Now, if I slip on a puddle of spilled Clamato at WholeFoods in an effort to smell even worse than I do right now (as if that’s possible) and split open my head (I always imagined my obituary to read pretty much just like that), my daughter’s last recollection of her mother will be a nonsensical, uncaffeinated rant complete with real tears.
“Can’t think. Too hard. Oregano on my Otterbox. Crushed red pepper in my shoe. I can’t wear Papa John.”
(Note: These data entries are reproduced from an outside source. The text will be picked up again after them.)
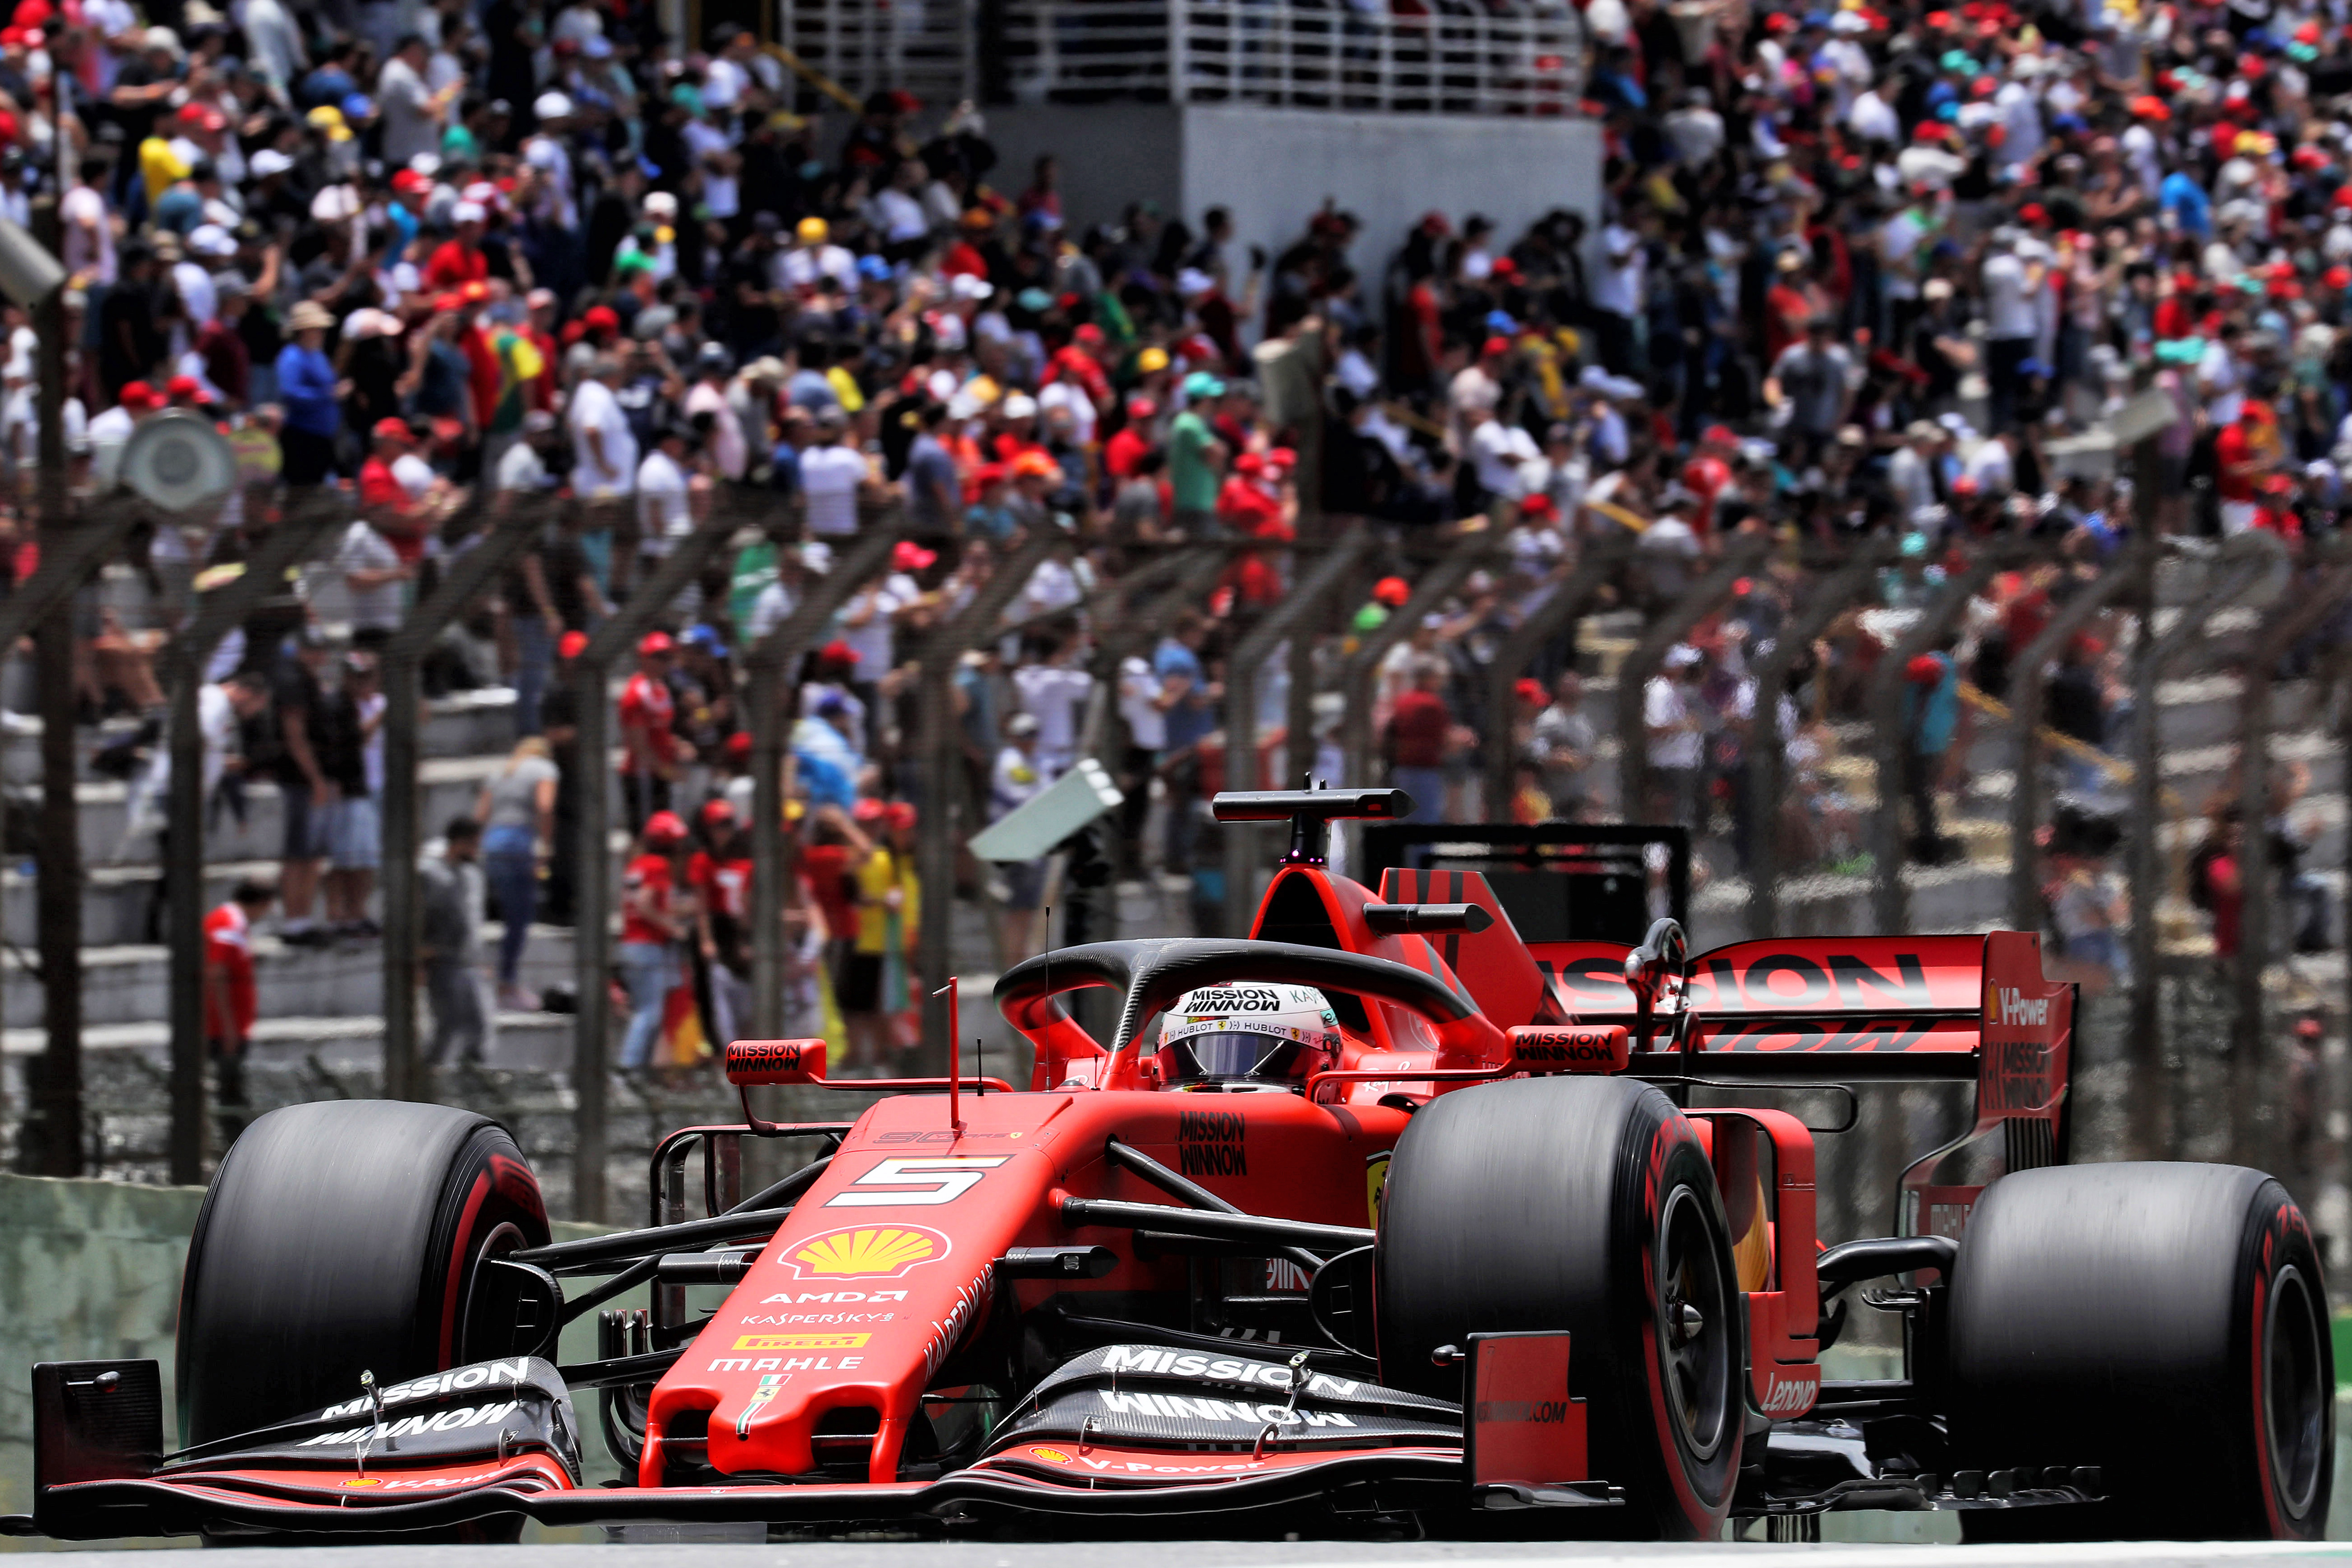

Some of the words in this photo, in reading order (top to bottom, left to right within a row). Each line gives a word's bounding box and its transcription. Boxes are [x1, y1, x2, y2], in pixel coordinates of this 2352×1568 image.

[1192, 989, 1279, 1001] MISSION
[1183, 1000, 1280, 1014] WINNOW
[2000, 988, 2049, 1026] V-Power
[1178, 1023, 1213, 1037] HUBLOT
[1244, 1022, 1287, 1035] HUBLOT
[1515, 1032, 1613, 1046] MISSION
[728, 1044, 801, 1057] MISSION
[1515, 1046, 1614, 1061] WINNOW
[727, 1057, 800, 1072] WINNOW
[1179, 1111, 1245, 1142] MISSION
[1178, 1144, 1247, 1176] WINNOW
[821, 1154, 1017, 1208] 5
[759, 1292, 867, 1304] AMD
[740, 1312, 882, 1326] KASPERSKY
[744, 1336, 859, 1347] PIRELLI
[706, 1357, 865, 1372] MAHLE
[1101, 1345, 1360, 1395] MISSION
[321, 1357, 530, 1419] MISSION
[1760, 1372, 1816, 1411] Lenovo
[1097, 1388, 1358, 1427] WINNOW
[296, 1399, 518, 1446] WINNOW
[1078, 1456, 1265, 1473] V-Power
If I had been alone, my conniption would include nothing more than an ear-splitting motherfucker. But since I try to dilute the curse words she undoubtedly hears from her Nana who suffers from Tourette’s, I usually replace my goddammning with a string of confusing outbursts that, in retrospect, are probably more damaging.
2. Does it make one less benevolent to first remove the BoxTops from the nonperishables she’s donating to the holiday food drive?
3. Is it acceptable to buy the Christmas Classics boxed DVD set again because it’s easier than trying to find the one (or three) that you already have?
4. Should you tell your daughter her Elf Jingles is in rehab because you can’t find the little asshole or just replace him with another (like her dead pufferfish) hoping she won’t notice?
5. Is joining a new gym warranted because the guy who sweats out hash-browns always chooses the treadmill right next to you? Or should you just recognize that at the moment you smell like a pepperoni calzone and go with it?